*** Opening MATERIAL FOR THIS EXERCISE ***
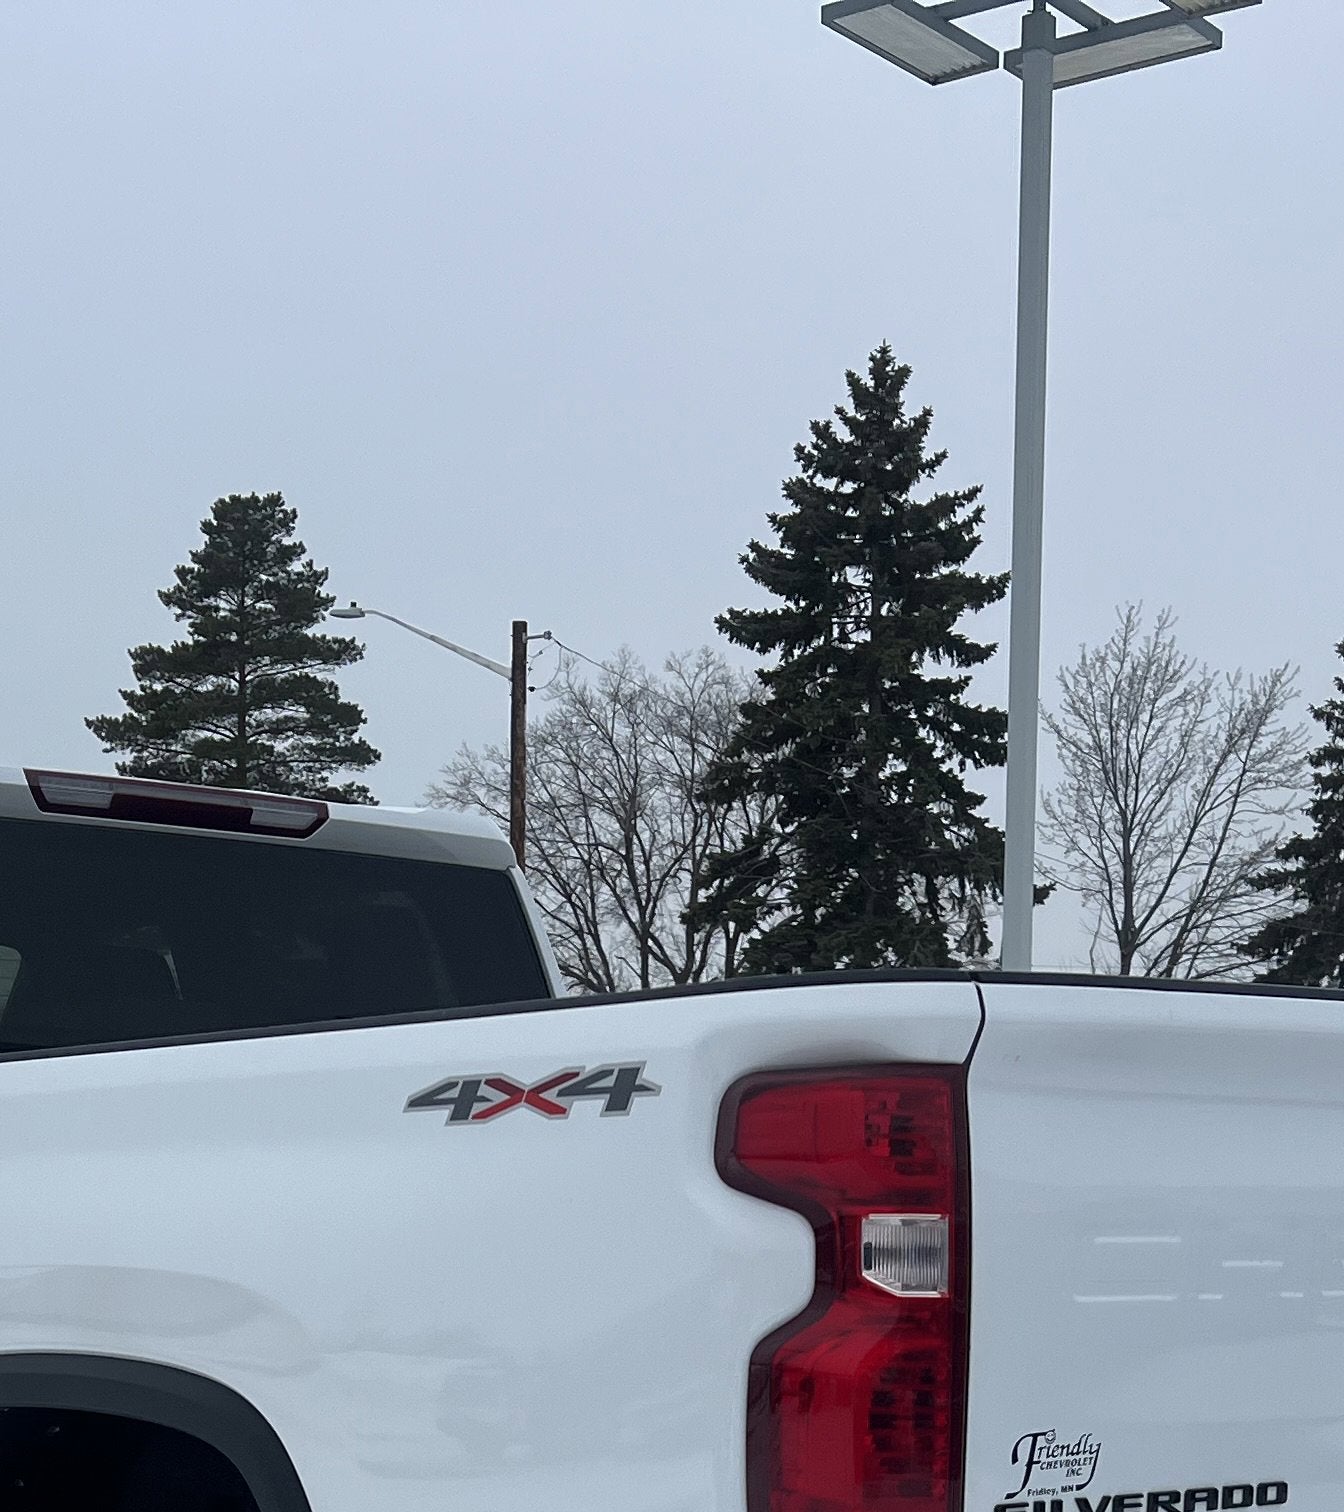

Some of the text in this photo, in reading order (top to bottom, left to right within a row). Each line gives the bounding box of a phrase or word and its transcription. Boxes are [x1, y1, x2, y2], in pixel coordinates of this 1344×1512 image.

[1004, 1428, 1102, 1500] Friendly
[1039, 1456, 1094, 1471] CHEVROLET
[1060, 1484, 1075, 1494] MN
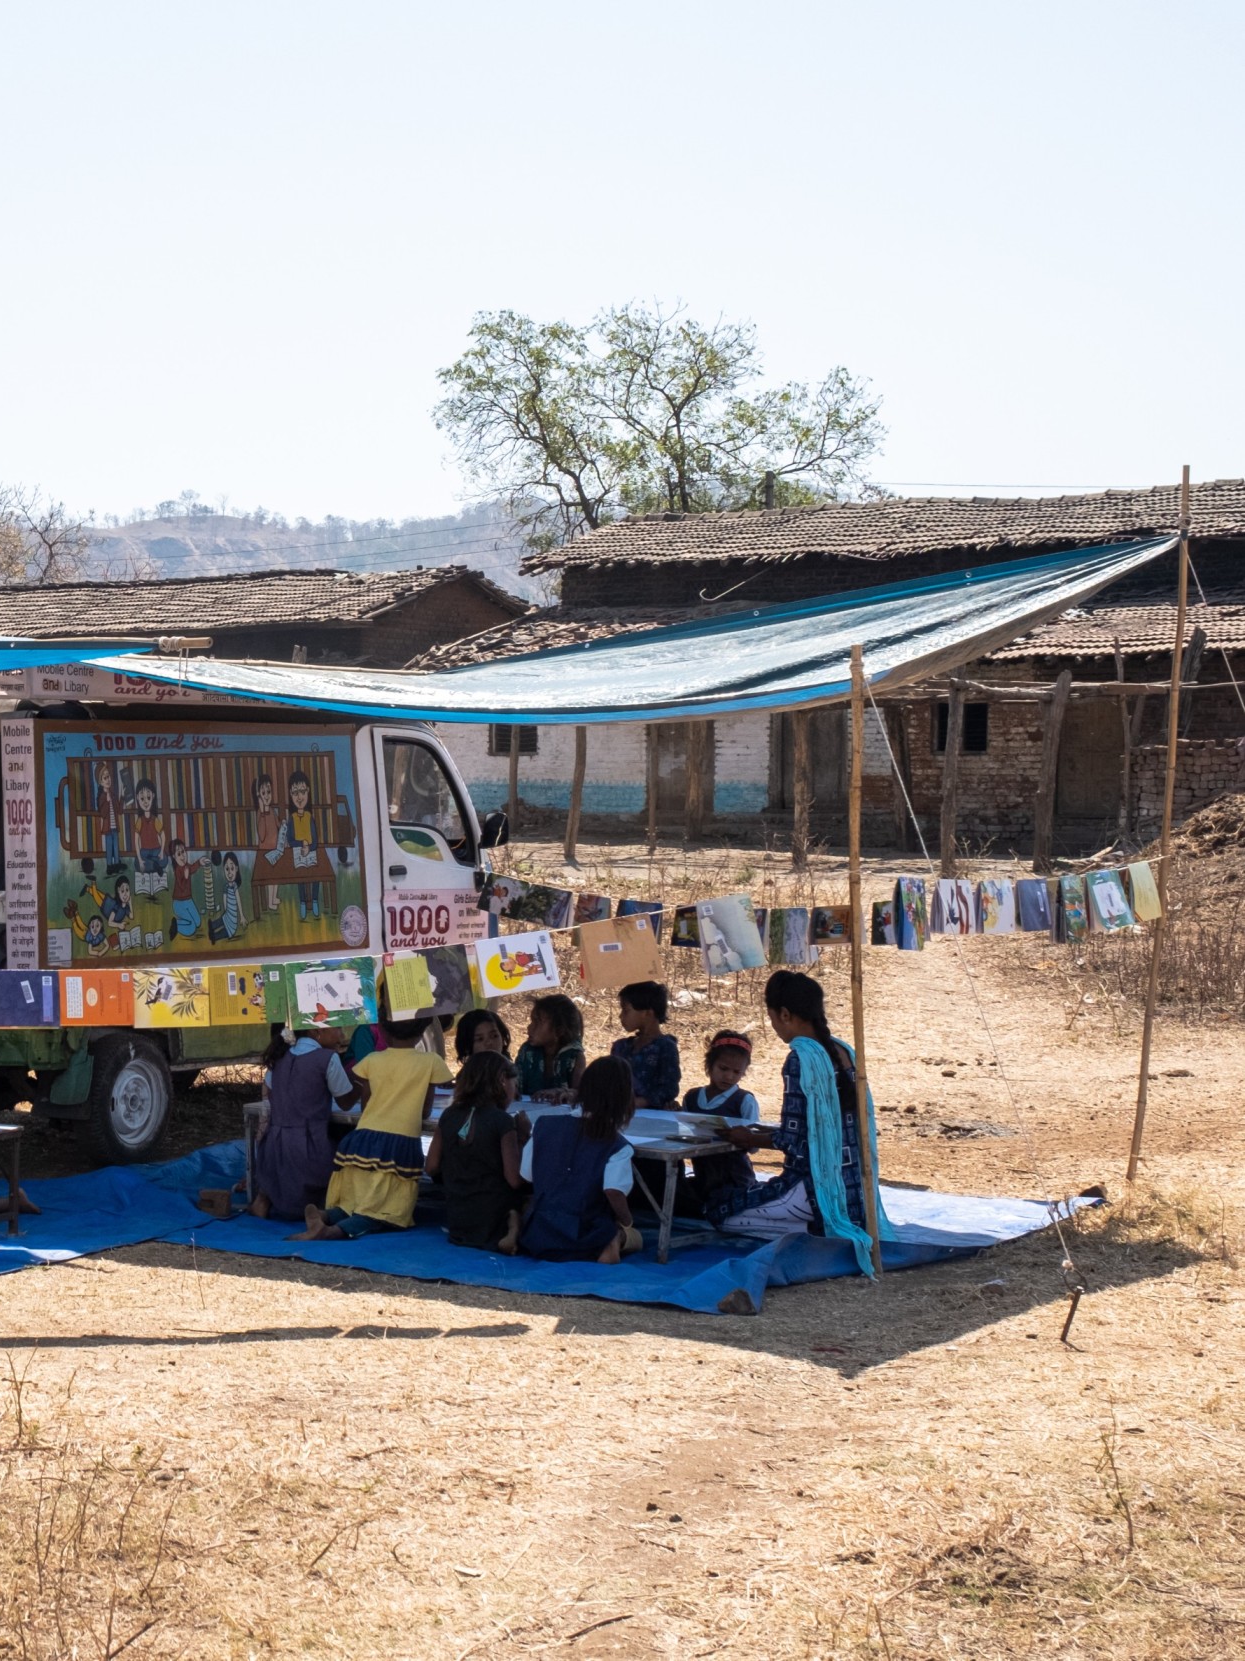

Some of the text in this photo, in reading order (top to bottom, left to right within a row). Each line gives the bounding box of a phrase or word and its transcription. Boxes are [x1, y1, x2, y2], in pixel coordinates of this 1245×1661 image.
*** Closing MATERIAL FOR THIS EXERCISE ***
# WHAT YOU NEED TO DO
Omit the pictures; restate every entry word for word.

# RESULT OF THE TASK
Some of the text in this photo, in reading order (top to bottom, left to right within a row). Each line gives the bounding box of a phrase or word and its transcription. Boxes are [x1, y1, x2, y2], in pixel coordinates of this 1344×1512 image.

[1004, 1428, 1102, 1500] Friendly
[1039, 1456, 1094, 1471] CHEVROLET
[1060, 1484, 1075, 1494] MN

Some of the text in this photo, in reading order (top to bottom, left to right within a row). Each line gives the bounding box of a phrase or word and its transcription. Boxes are [x1, y1, x2, y2], in pixel coordinates of this 1245×1661 image.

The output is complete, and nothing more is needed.